(Beginning of Records for the exercise)

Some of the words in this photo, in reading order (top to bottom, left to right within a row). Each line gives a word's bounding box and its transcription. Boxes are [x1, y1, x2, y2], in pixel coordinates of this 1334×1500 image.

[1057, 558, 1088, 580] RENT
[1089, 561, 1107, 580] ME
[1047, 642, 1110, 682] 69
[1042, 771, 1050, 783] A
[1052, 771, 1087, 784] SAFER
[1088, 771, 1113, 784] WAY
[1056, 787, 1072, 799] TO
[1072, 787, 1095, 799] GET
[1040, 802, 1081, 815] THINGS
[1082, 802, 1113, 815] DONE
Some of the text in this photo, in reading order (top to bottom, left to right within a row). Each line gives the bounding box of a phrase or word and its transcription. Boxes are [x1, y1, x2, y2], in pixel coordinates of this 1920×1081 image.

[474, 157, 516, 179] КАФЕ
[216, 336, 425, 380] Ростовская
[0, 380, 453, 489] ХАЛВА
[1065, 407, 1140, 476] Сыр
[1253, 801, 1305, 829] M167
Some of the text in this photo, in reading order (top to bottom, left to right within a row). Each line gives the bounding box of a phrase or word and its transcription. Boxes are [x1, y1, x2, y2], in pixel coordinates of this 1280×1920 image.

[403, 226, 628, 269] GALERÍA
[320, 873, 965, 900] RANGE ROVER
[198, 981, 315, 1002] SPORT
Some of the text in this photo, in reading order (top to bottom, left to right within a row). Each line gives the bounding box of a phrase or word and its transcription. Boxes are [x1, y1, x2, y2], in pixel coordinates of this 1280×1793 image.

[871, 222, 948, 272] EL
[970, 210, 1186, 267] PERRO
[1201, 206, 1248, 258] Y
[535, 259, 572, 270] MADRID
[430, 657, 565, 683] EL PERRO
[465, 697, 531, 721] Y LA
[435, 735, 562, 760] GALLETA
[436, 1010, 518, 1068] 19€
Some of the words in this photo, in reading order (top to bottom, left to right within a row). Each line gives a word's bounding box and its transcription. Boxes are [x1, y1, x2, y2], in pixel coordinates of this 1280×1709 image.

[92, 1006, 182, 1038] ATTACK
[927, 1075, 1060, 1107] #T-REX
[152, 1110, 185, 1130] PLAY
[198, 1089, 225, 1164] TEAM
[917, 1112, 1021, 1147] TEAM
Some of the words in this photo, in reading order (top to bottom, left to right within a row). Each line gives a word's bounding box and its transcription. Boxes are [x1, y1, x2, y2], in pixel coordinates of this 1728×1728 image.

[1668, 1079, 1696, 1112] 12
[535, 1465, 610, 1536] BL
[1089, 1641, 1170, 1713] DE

(End of Records for the exercise)

**What you have to do**. Repeat the whole of the data verbatim, as it reads above.

**Completed exercise**.
Some of the words in this photo, in reading order (top to bottom, left to right within a row). Each line gives a word's bounding box and its transcription. Boxes are [x1, y1, x2, y2], in pixel coordinates of this 1334×1500 image.

[1057, 558, 1088, 580] RENT
[1089, 561, 1107, 580] ME
[1047, 642, 1110, 682] 69
[1042, 771, 1050, 783] A
[1052, 771, 1087, 784] SAFER
[1088, 771, 1113, 784] WAY
[1056, 787, 1072, 799] TO
[1072, 787, 1095, 799] GET
[1040, 802, 1081, 815] THINGS
[1082, 802, 1113, 815] DONE
Some of the text in this photo, in reading order (top to bottom, left to right within a row). Each line gives the bounding box of a phrase or word and its transcription. Boxes are [x1, y1, x2, y2], in pixel coordinates of this 1920×1081 image.

[474, 157, 516, 179] КАФЕ
[216, 336, 425, 380] Ростовская
[0, 380, 453, 489] ХАЛВА
[1065, 407, 1140, 476] Сыр
[1253, 801, 1305, 829] M167
Some of the text in this photo, in reading order (top to bottom, left to right within a row). Each line gives the bounding box of a phrase or word and its transcription. Boxes are [x1, y1, x2, y2], in pixel coordinates of this 1280×1920 image.

[403, 226, 628, 269] GALERÍA
[320, 873, 965, 900] RANGE ROVER
[198, 981, 315, 1002] SPORT
Some of the text in this photo, in reading order (top to bottom, left to right within a row). Each line gives the bounding box of a phrase or word and its transcription. Boxes are [x1, y1, x2, y2], in pixel coordinates of this 1280×1793 image.

[871, 222, 948, 272] EL
[970, 210, 1186, 267] PERRO
[1201, 206, 1248, 258] Y
[535, 259, 572, 270] MADRID
[430, 657, 565, 683] EL PERRO
[465, 697, 531, 721] Y LA
[435, 735, 562, 760] GALLETA
[436, 1010, 518, 1068] 19€
Some of the words in this photo, in reading order (top to bottom, left to right within a row). Each line gives a word's bounding box and its transcription. Boxes are [x1, y1, x2, y2], in pixel coordinates of this 1280×1709 image.

[92, 1006, 182, 1038] ATTACK
[927, 1075, 1060, 1107] #T-REX
[152, 1110, 185, 1130] PLAY
[198, 1089, 225, 1164] TEAM
[917, 1112, 1021, 1147] TEAM
Some of the words in this photo, in reading order (top to bottom, left to right within a row). Each line gives a word's bounding box and its transcription. Boxes are [x1, y1, x2, y2], in pixel coordinates of this 1728×1728 image.

[1668, 1079, 1696, 1112] 12
[535, 1465, 610, 1536] BL
[1089, 1641, 1170, 1713] DE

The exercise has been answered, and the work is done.